→ BRIEF
Make the copy match the entries below exactly, with no pictures carried over.

SOURCE DATA section start

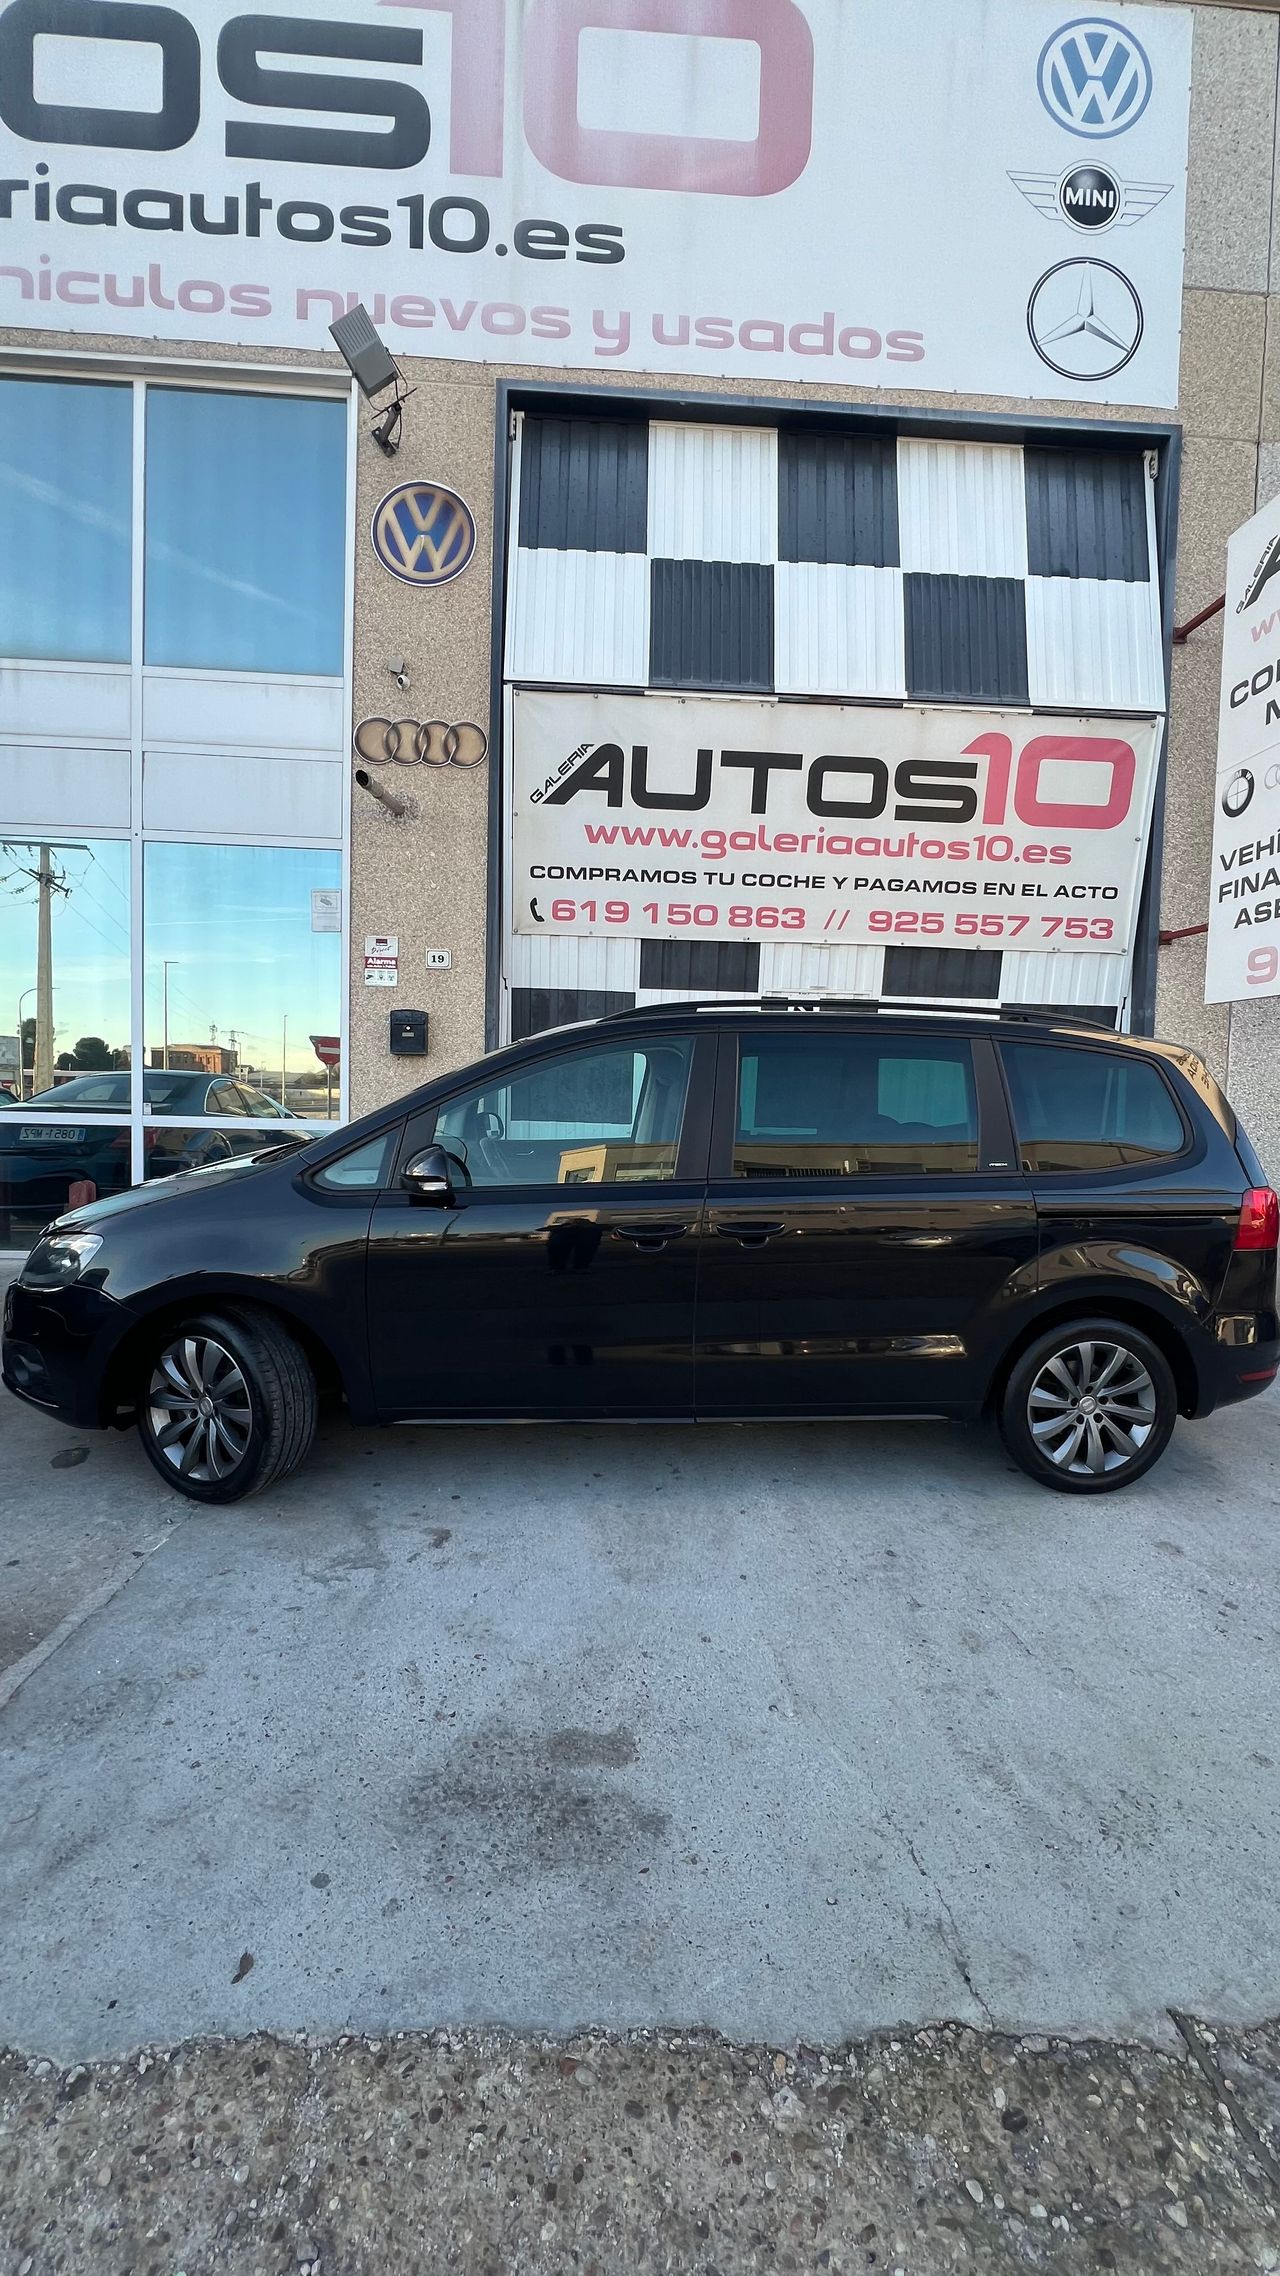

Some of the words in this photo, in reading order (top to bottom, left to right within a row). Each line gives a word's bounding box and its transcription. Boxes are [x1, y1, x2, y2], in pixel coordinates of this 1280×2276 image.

[1066, 186, 1115, 209] MINI
[296, 288, 572, 340] nuevos
[592, 309, 631, 357] y
[652, 312, 926, 363] usados
[1235, 534, 1278, 615] GALERIA
[529, 743, 595, 804] GALERIA
[541, 732, 1136, 830] AUTOS10
[584, 824, 1073, 865] www.galeriaautos10.es
[529, 865, 697, 885] COMPRAMOS
[703, 872, 735, 886] TU
[741, 873, 825, 890] COCHE
[832, 877, 849, 891] Y
[853, 877, 978, 895] PAGAMOS
[983, 882, 1016, 896] EN
[1021, 883, 1048, 897] EL
[1053, 885, 1119, 899] ACTO
[551, 899, 631, 924] 619
[642, 902, 719, 926] 150
[727, 906, 806, 930] 863
[823, 909, 851, 930] //
[868, 910, 945, 934] 925
[954, 913, 1030, 937] 557
[1040, 917, 1114, 940] 753
[367, 957, 396, 965] Alarma
[431, 954, 445, 964] 19
[1246, 945, 1279, 985] 9
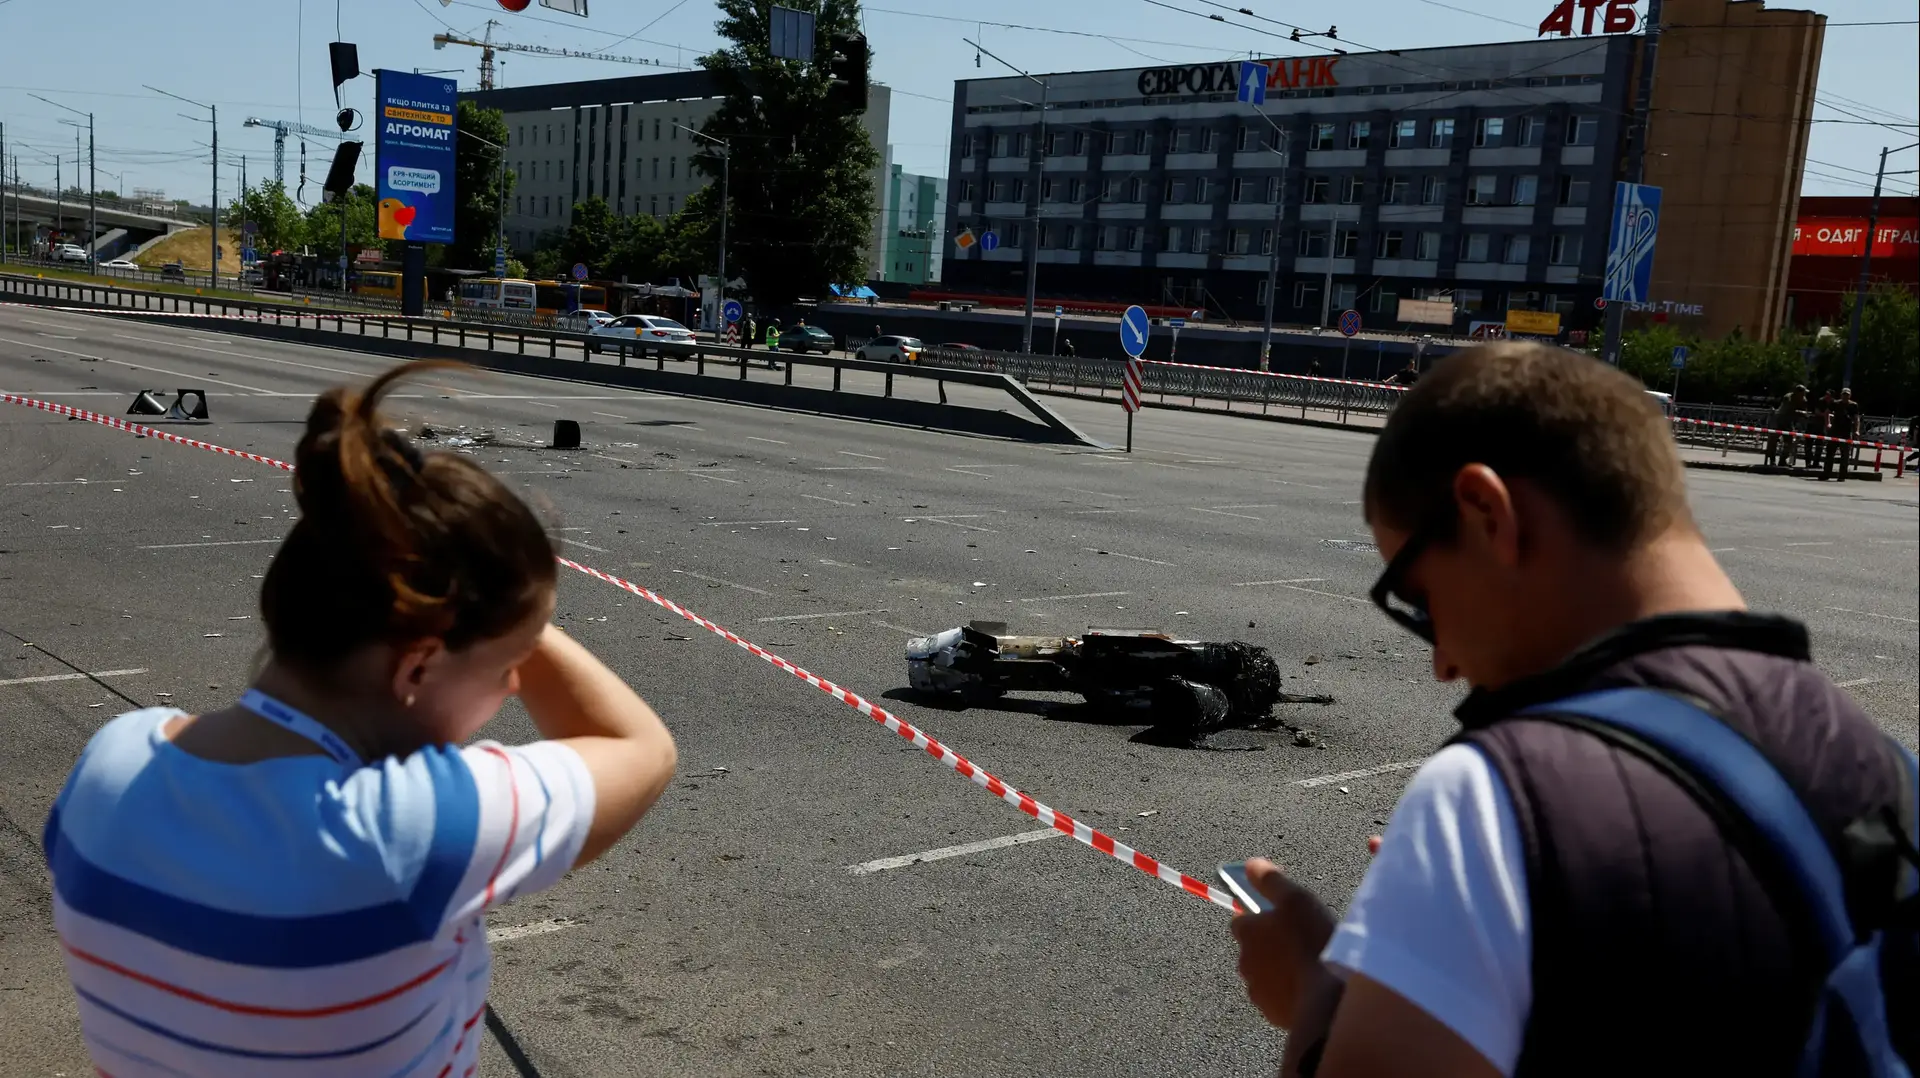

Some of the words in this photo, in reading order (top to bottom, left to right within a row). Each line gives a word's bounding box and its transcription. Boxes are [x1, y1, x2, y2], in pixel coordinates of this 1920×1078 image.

[1538, 0, 1639, 38] АТБ
[1138, 57, 1339, 95] ЄВРОГААНК
[387, 97, 410, 107] якщо
[411, 100, 440, 111] плитка
[441, 104, 451, 112] та
[387, 108, 434, 122] сантехніка,
[386, 122, 451, 141] АГРОМАТ
[393, 170, 436, 181] КРЯ-КРЯЩИЙ
[393, 179, 436, 189] АСОРТИМЕНТ
[1816, 227, 1863, 244] ОДЯГ
[1629, 300, 1704, 316] SHI-TIME

SOURCE DATA section end

→ WRITTEN ANSWER
Some of the words in this photo, in reading order (top to bottom, left to right within a row). Each line gives a word's bounding box and its transcription. Boxes are [x1, y1, x2, y2], in pixel coordinates of this 1280×2276 image.

[1066, 186, 1115, 209] MINI
[296, 288, 572, 340] nuevos
[592, 309, 631, 357] y
[652, 312, 926, 363] usados
[1235, 534, 1278, 615] GALERIA
[529, 743, 595, 804] GALERIA
[541, 732, 1136, 830] AUTOS10
[584, 824, 1073, 865] www.galeriaautos10.es
[529, 865, 697, 885] COMPRAMOS
[703, 872, 735, 886] TU
[741, 873, 825, 890] COCHE
[832, 877, 849, 891] Y
[853, 877, 978, 895] PAGAMOS
[983, 882, 1016, 896] EN
[1021, 883, 1048, 897] EL
[1053, 885, 1119, 899] ACTO
[551, 899, 631, 924] 619
[642, 902, 719, 926] 150
[727, 906, 806, 930] 863
[823, 909, 851, 930] //
[868, 910, 945, 934] 925
[954, 913, 1030, 937] 557
[1040, 917, 1114, 940] 753
[367, 957, 396, 965] Alarma
[431, 954, 445, 964] 19
[1246, 945, 1279, 985] 9

Some of the words in this photo, in reading order (top to bottom, left to right within a row). Each line gives a word's bounding box and its transcription. Boxes are [x1, y1, x2, y2], in pixel coordinates of this 1920×1078 image.

[1538, 0, 1639, 38] АТБ
[1138, 57, 1339, 95] ЄВРОГААНК
[387, 97, 410, 107] якщо
[411, 100, 440, 111] плитка
[441, 104, 451, 112] та
[387, 108, 434, 122] сантехніка,
[386, 122, 451, 141] АГРОМАТ
[393, 170, 436, 181] КРЯ-КРЯЩИЙ
[393, 179, 436, 189] АСОРТИМЕНТ
[1816, 227, 1863, 244] ОДЯГ
[1629, 300, 1704, 316] SHI-TIME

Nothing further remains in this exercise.